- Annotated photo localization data
:::

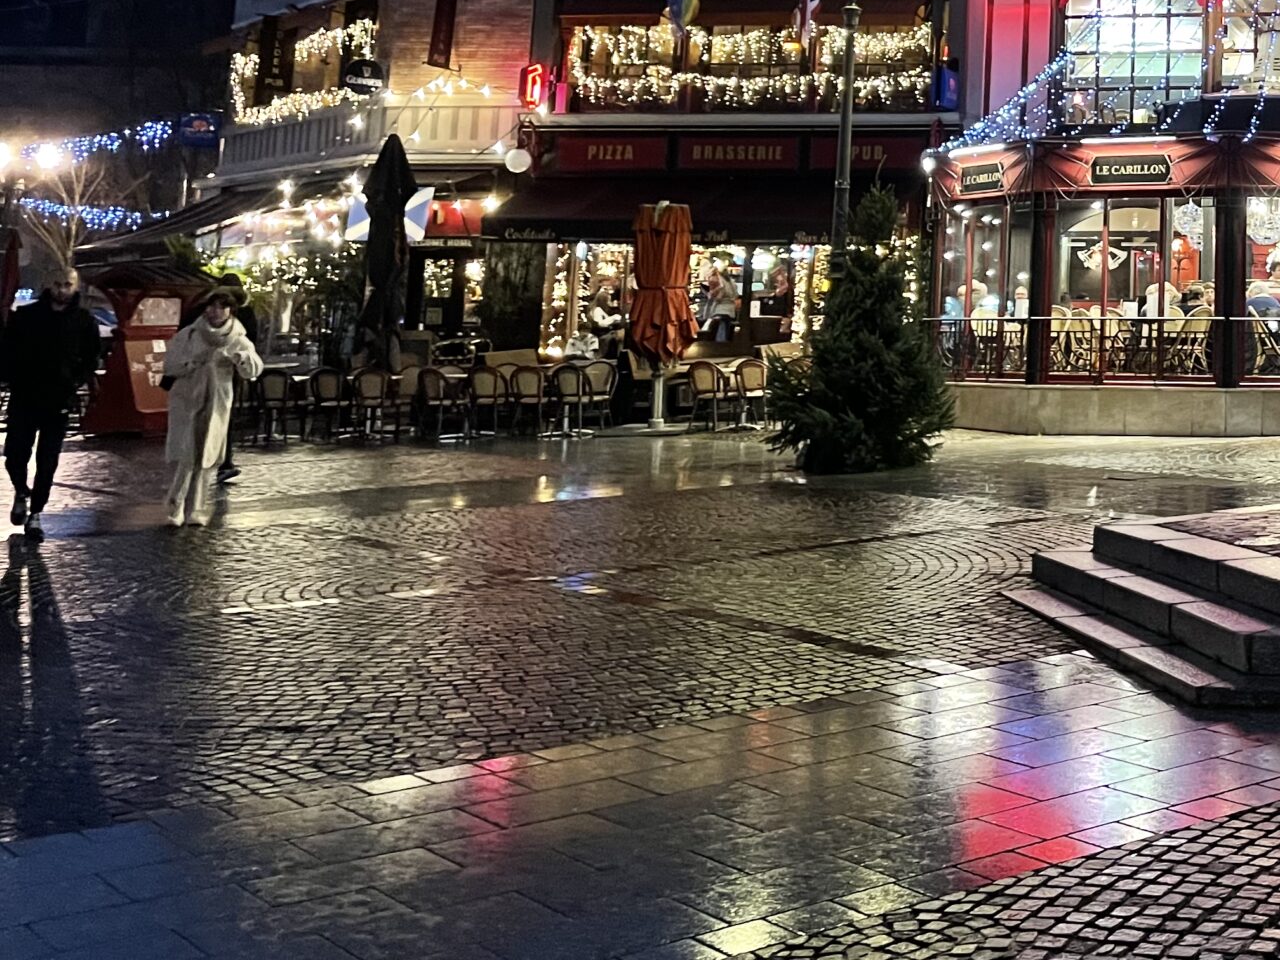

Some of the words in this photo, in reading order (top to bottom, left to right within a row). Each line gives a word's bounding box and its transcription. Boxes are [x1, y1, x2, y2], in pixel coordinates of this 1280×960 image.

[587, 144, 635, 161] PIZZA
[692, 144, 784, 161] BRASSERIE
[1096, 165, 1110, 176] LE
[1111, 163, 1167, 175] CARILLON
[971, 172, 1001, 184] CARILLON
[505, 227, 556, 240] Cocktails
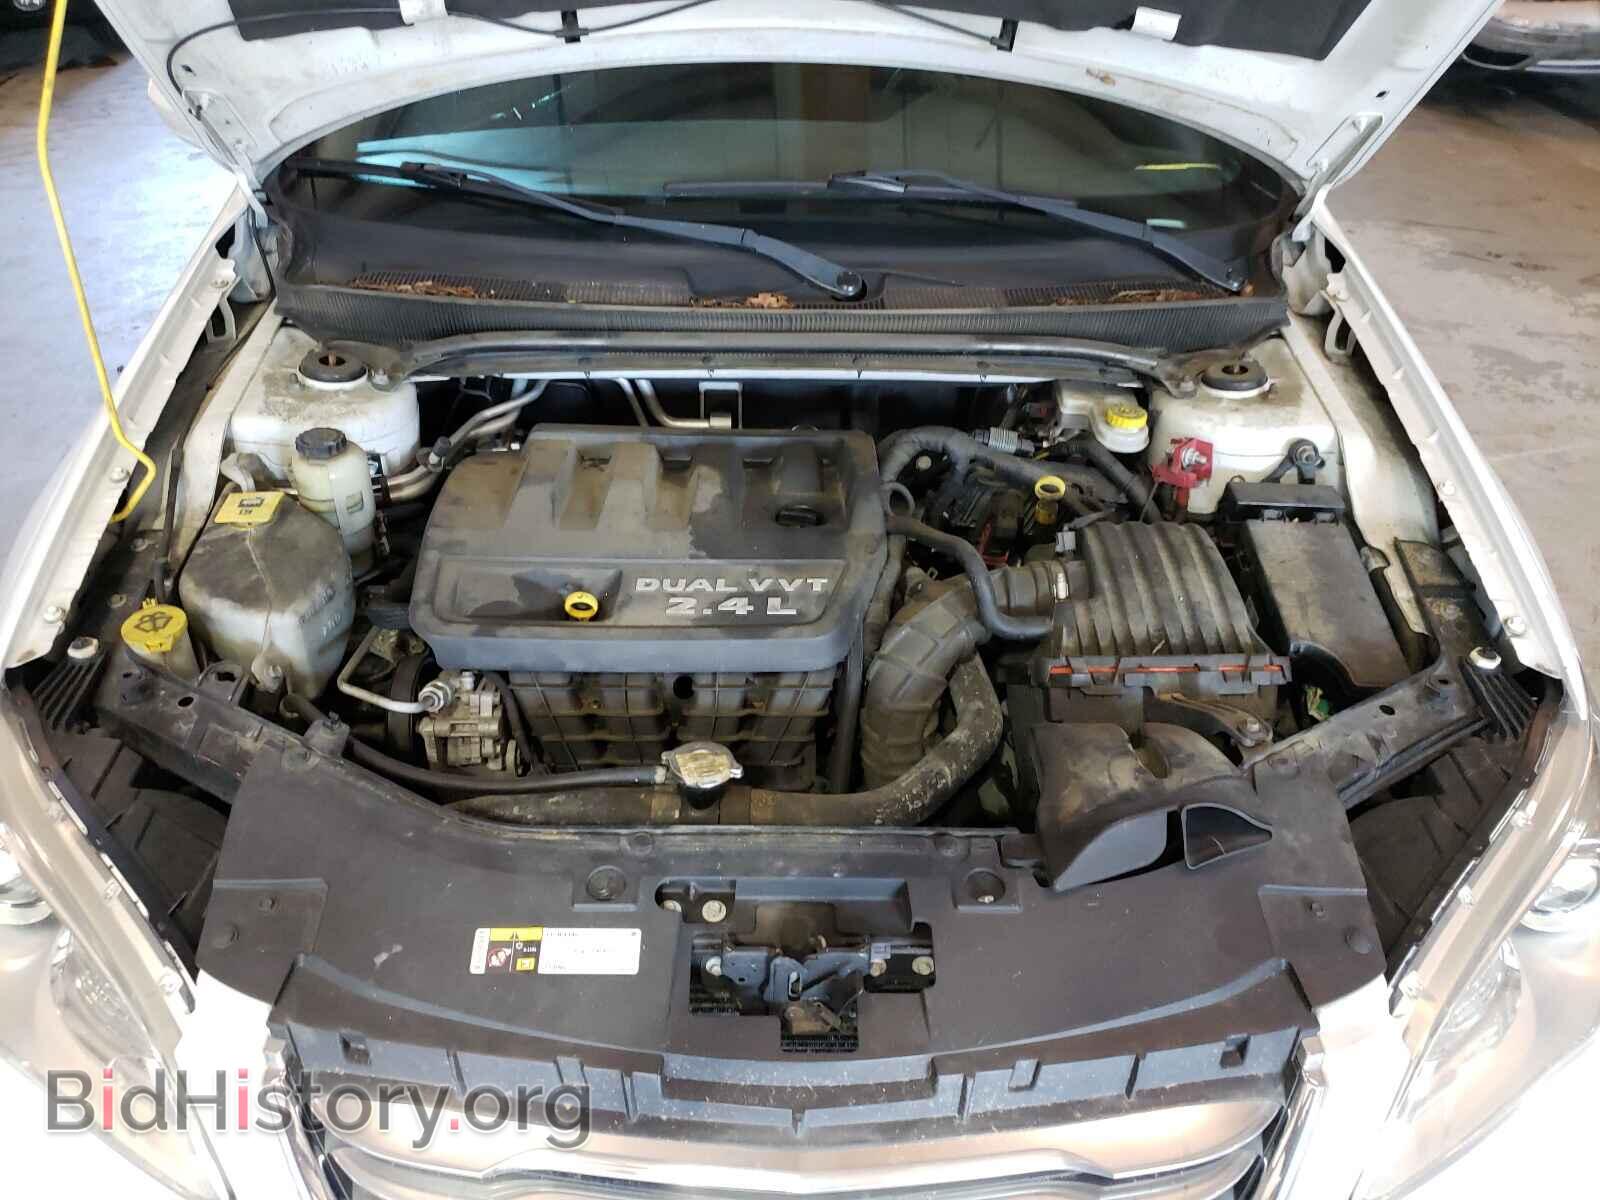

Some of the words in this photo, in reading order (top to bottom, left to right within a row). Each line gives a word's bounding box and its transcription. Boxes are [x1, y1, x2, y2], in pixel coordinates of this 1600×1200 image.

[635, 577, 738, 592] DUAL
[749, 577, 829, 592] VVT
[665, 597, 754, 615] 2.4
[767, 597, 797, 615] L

:::

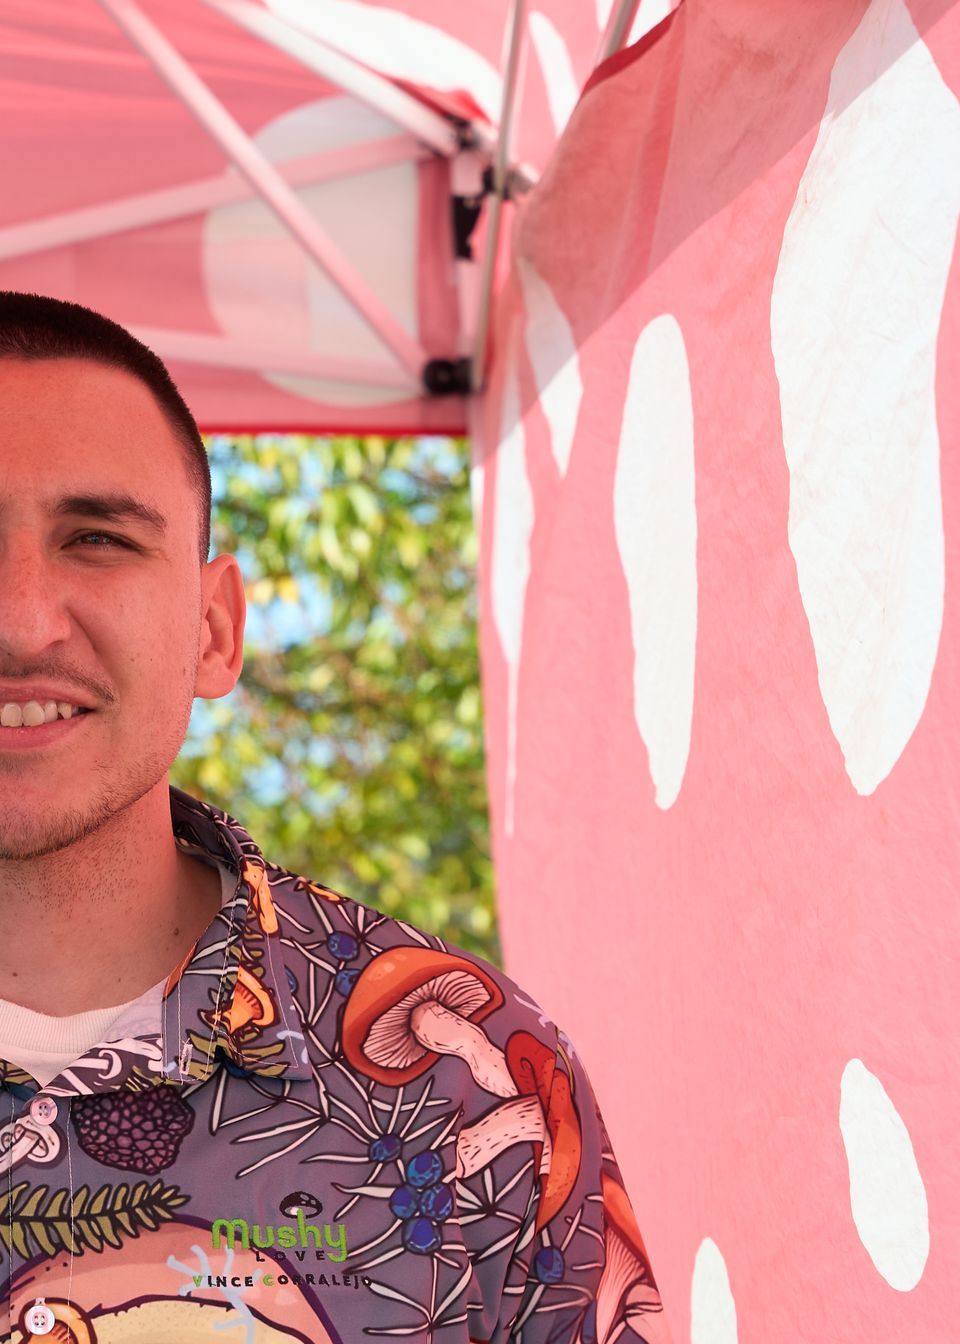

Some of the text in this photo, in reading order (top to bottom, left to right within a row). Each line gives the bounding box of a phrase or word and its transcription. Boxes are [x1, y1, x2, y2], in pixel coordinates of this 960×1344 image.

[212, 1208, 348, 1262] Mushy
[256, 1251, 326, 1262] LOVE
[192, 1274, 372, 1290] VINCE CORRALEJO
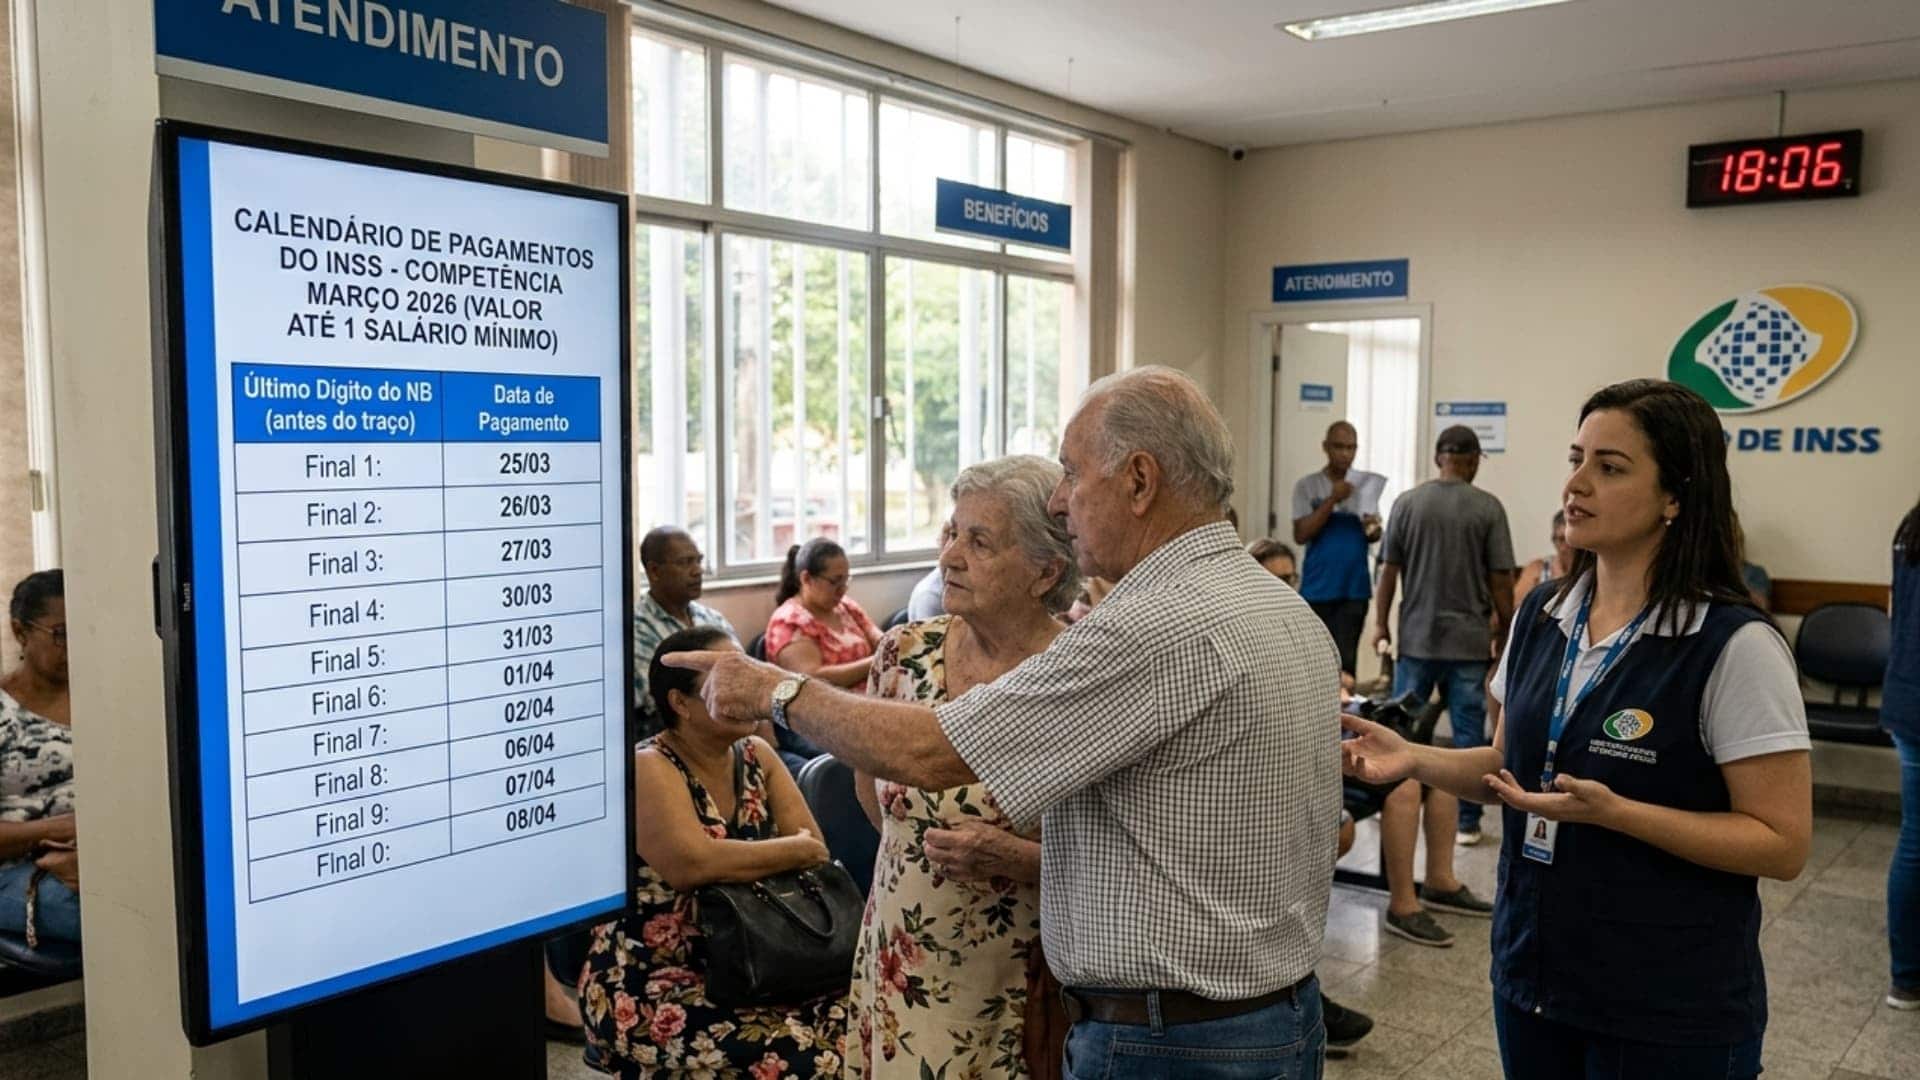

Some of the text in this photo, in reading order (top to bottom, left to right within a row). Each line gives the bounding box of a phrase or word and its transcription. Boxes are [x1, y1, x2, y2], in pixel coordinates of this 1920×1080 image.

:::

- Task brief
Set down word for word the lines above from the one with "this 960×1344 image." up to and including the one with "this 1920×1080 image.". Omit every picture.

- Completed exercise
Some of the text in this photo, in reading order (top to bottom, left to right within a row). Each line gives the bounding box of a phrase or word and its transcription. Boxes are [x1, y1, x2, y2], in pixel coordinates of this 960×1344 image.

[212, 1208, 348, 1262] Mushy
[256, 1251, 326, 1262] LOVE
[192, 1274, 372, 1290] VINCE CORRALEJO

Some of the text in this photo, in reading order (top to bottom, left to right within a row). Each line gives the bounding box of a phrase or word and its transcription. Boxes are [x1, y1, x2, y2], in pixel coordinates of this 1920×1080 image.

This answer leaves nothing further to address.